[Stored records]
● ● ● ● ● ● ●

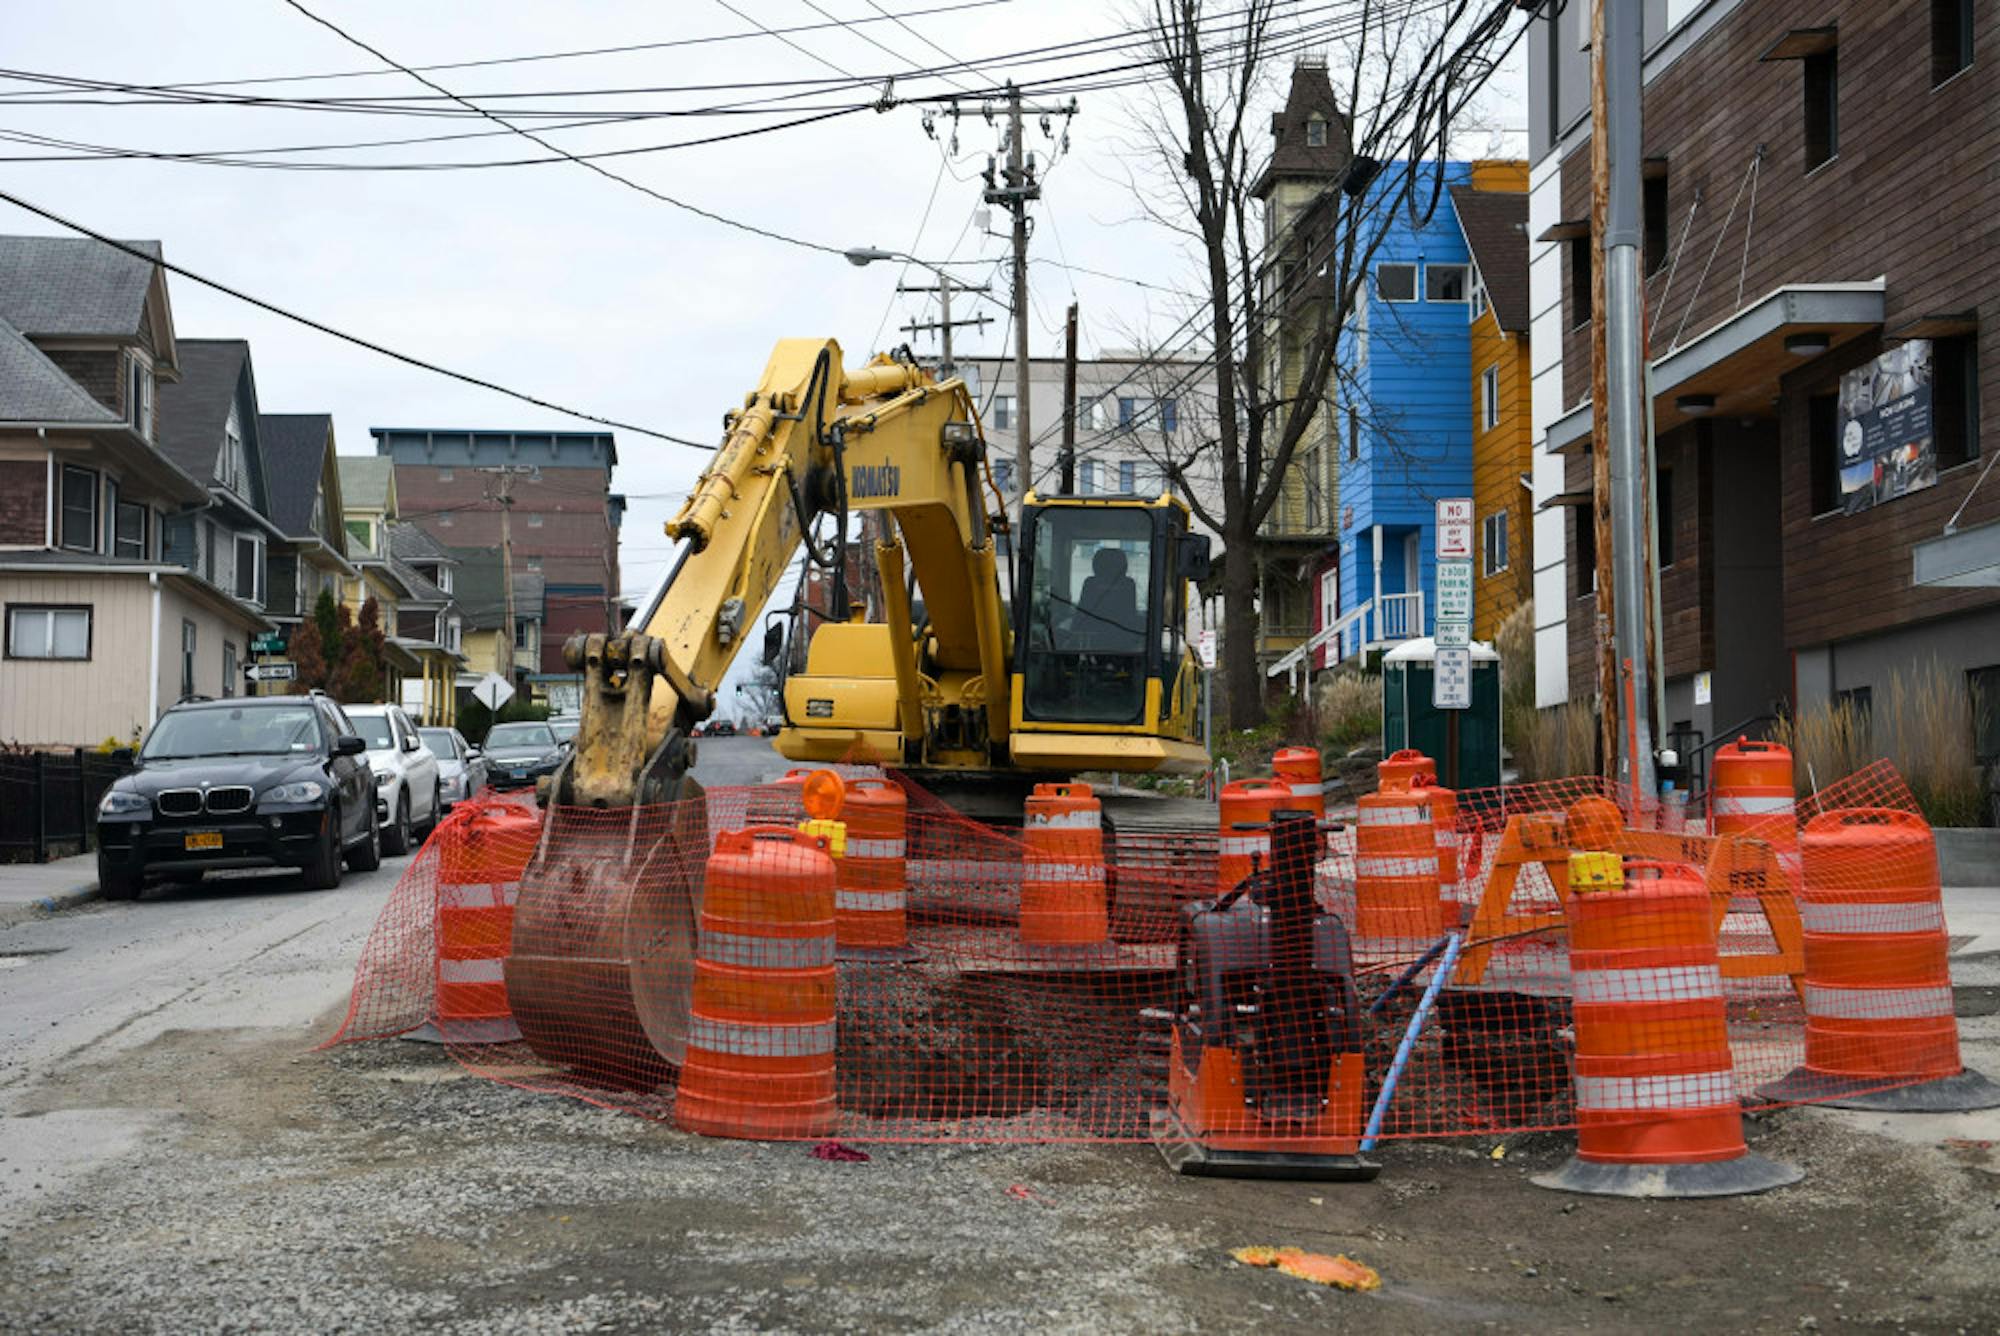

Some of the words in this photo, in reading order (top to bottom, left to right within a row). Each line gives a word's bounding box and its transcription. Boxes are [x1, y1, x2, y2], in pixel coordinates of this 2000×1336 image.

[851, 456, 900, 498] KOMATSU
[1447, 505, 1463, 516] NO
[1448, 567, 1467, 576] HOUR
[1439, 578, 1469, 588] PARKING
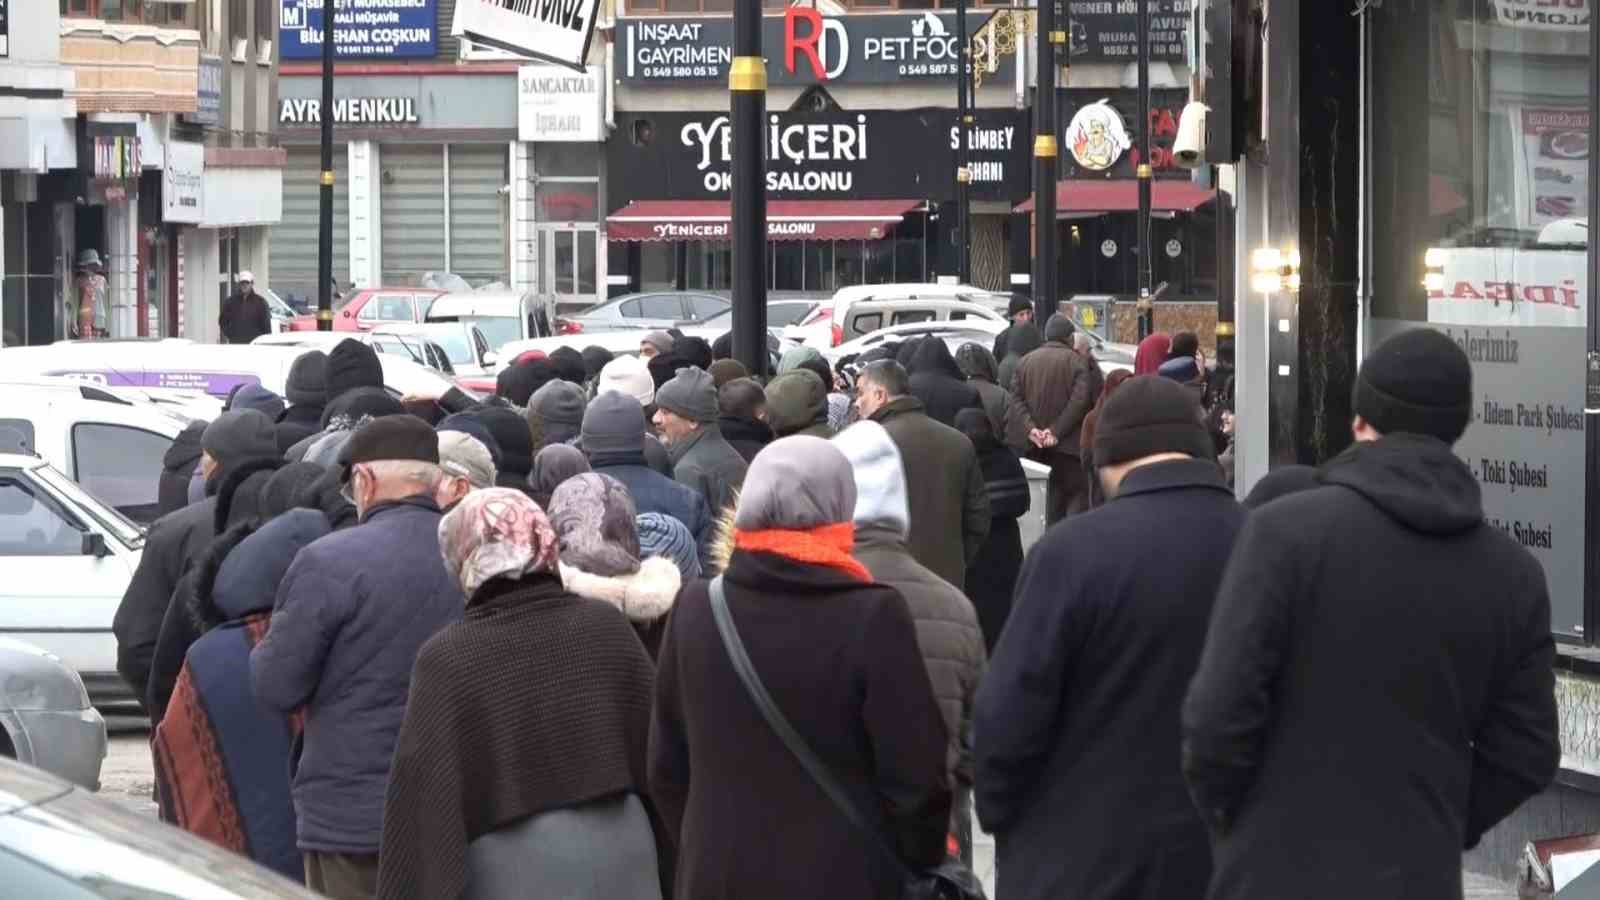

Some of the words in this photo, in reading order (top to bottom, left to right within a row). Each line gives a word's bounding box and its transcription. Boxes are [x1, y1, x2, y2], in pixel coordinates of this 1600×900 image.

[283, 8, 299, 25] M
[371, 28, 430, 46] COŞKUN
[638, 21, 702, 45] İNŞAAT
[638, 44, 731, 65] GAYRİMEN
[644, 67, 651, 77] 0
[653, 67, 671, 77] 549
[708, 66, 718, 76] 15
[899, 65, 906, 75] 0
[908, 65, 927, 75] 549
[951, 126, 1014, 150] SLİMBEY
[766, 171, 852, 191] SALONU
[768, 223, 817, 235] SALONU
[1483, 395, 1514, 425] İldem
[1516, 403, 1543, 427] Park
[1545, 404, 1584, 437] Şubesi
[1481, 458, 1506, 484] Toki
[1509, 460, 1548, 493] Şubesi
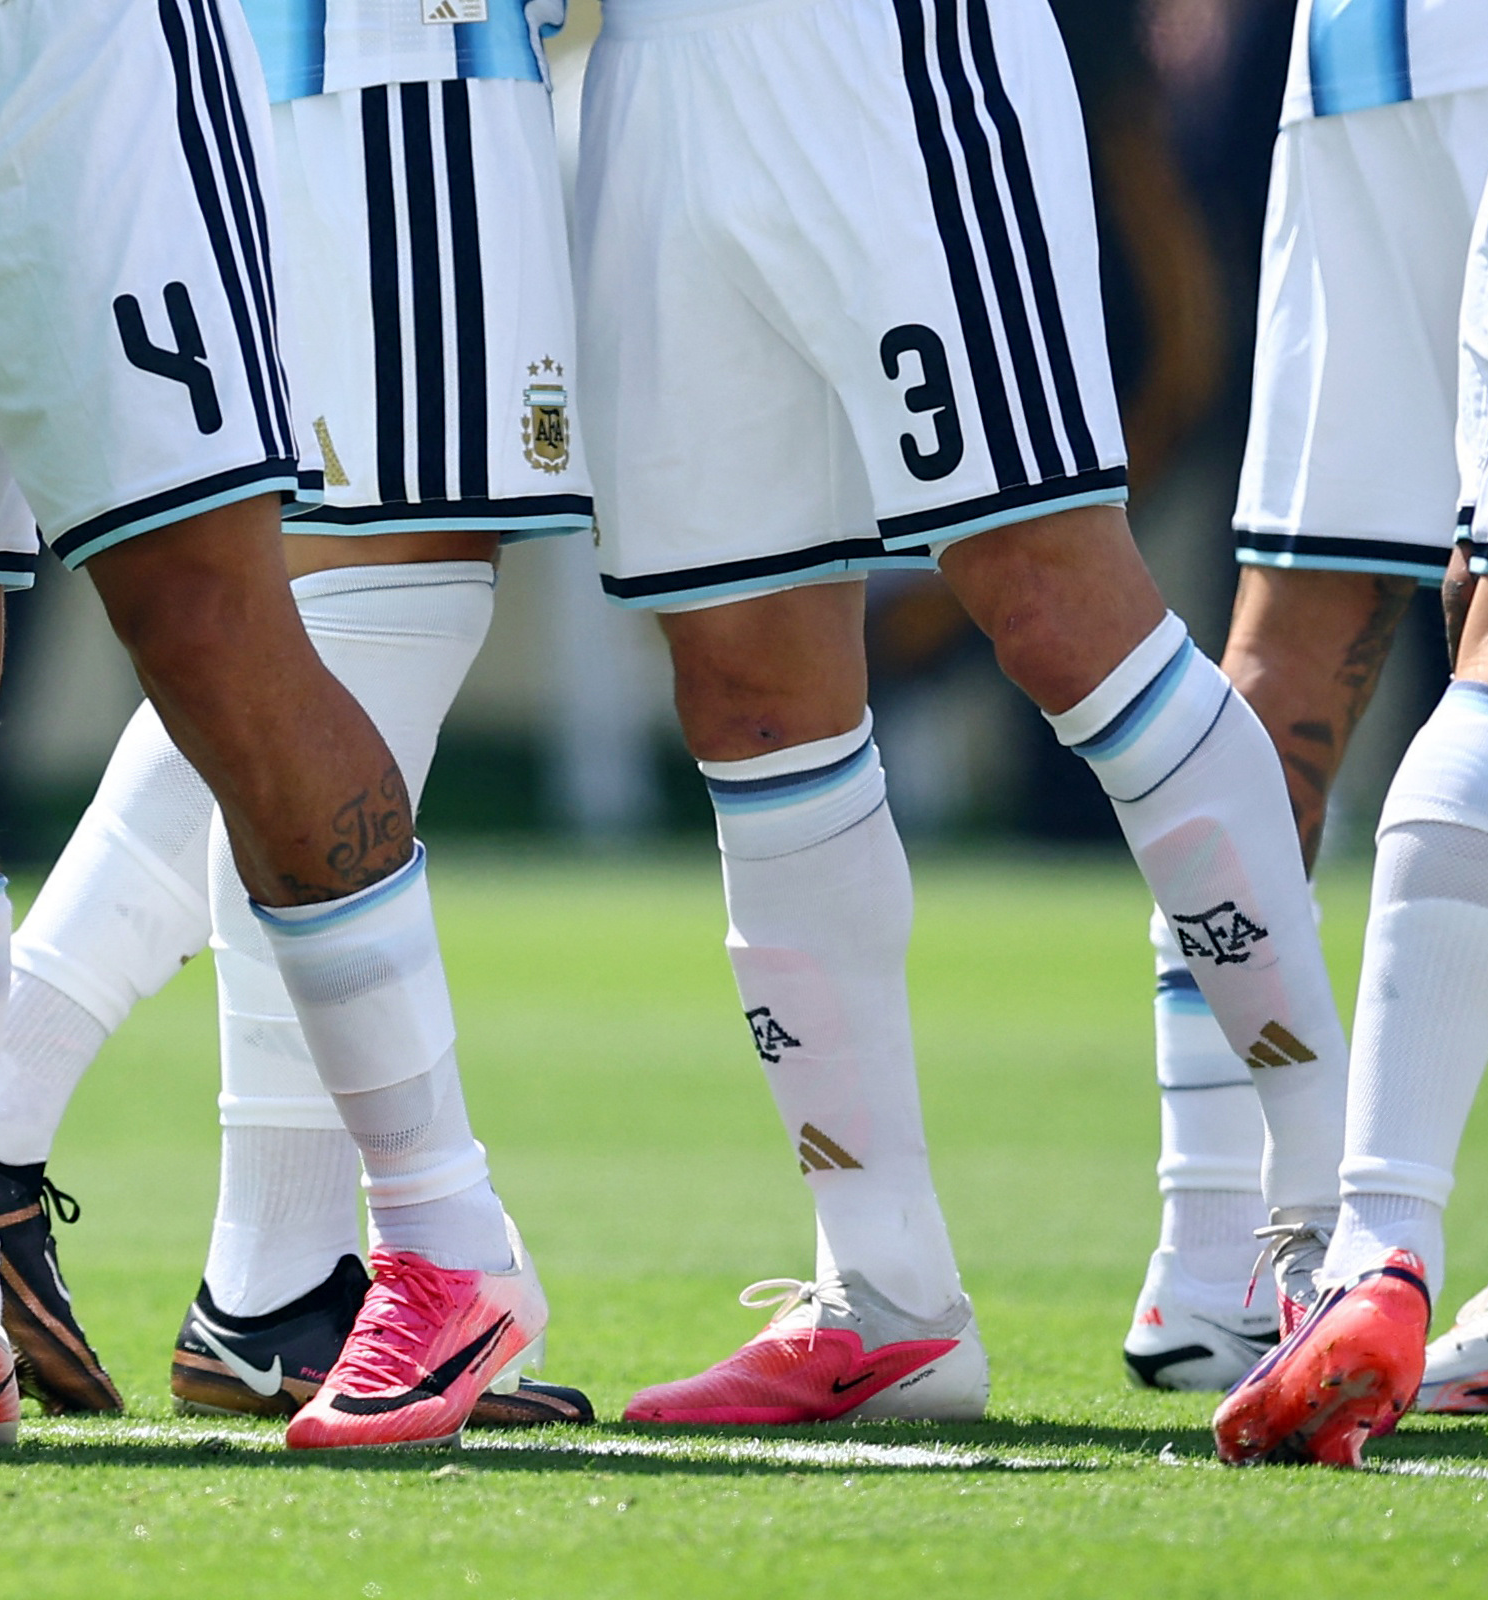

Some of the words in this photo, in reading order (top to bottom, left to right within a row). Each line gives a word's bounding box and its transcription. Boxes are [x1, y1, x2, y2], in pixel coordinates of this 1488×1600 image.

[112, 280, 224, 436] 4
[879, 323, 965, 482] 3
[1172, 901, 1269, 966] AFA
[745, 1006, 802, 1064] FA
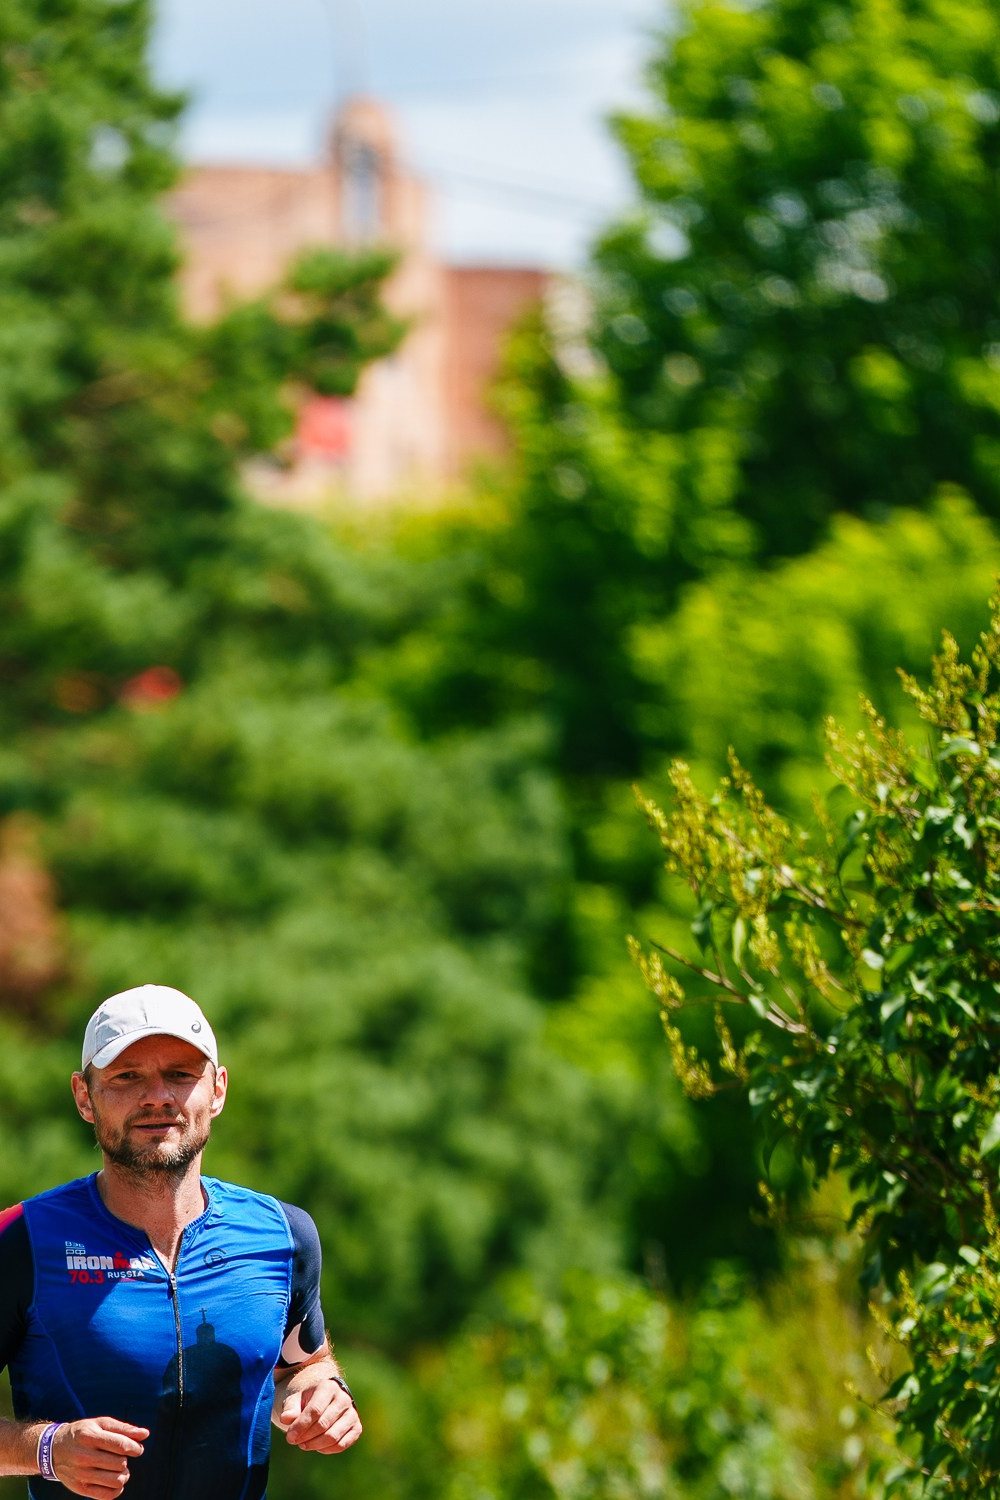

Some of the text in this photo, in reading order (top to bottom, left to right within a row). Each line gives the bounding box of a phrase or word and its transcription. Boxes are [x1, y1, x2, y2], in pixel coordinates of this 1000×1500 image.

● ● ● ● ● ● ●

[REQUIRED WORK] Your job is to repeat every entry exactly, keeping all pictures out of the copy.

[RESPONSE TO THE EXERCISE]
Some of the words in this photo, in reading order (top to bottom, left to right within a row). Each line gives a word's bounding box and its transcription. Boxes are [x1, y1, x2, y2], in pixel coordinates of this 2000×1336 image.

[851, 456, 900, 498] KOMATSU
[1447, 505, 1463, 516] NO
[1448, 567, 1467, 576] HOUR
[1439, 578, 1469, 588] PARKING

Some of the words in this photo, in reading order (top to bottom, left to right within a row). Each line gives a word's bounding box and its transcription. Boxes are [x1, y1, x2, y2], in pixel coordinates of this 1600×900 image.

[283, 8, 299, 25] M
[371, 28, 430, 46] COŞKUN
[638, 21, 702, 45] İNŞAAT
[638, 44, 731, 65] GAYRİMEN
[644, 67, 651, 77] 0
[653, 67, 671, 77] 549
[708, 66, 718, 76] 15
[899, 65, 906, 75] 0
[908, 65, 927, 75] 549
[951, 126, 1014, 150] SLİMBEY
[766, 171, 852, 191] SALONU
[768, 223, 817, 235] SALONU
[1483, 395, 1514, 425] İldem
[1516, 403, 1543, 427] Park
[1545, 404, 1584, 437] Şubesi
[1481, 458, 1506, 484] Toki
[1509, 460, 1548, 493] Şubesi

Some of the words in this photo, in reading order (top to bottom, left to right within a row). Each line gives a word's bounding box and its transcription. Boxes are [x1, y1, x2, y2], in pixel coordinates of this 1488×1600 image.

[112, 280, 224, 436] 4
[879, 323, 965, 482] 3
[1172, 901, 1269, 966] AFA
[745, 1006, 802, 1064] FA

Some of the text in this photo, in reading order (top to bottom, left to right within a row). Each line gives the bounding box of a phrase or word and its transcription. Boxes are [x1, y1, x2, y2], in pixel coordinates of this 1000×1500 image.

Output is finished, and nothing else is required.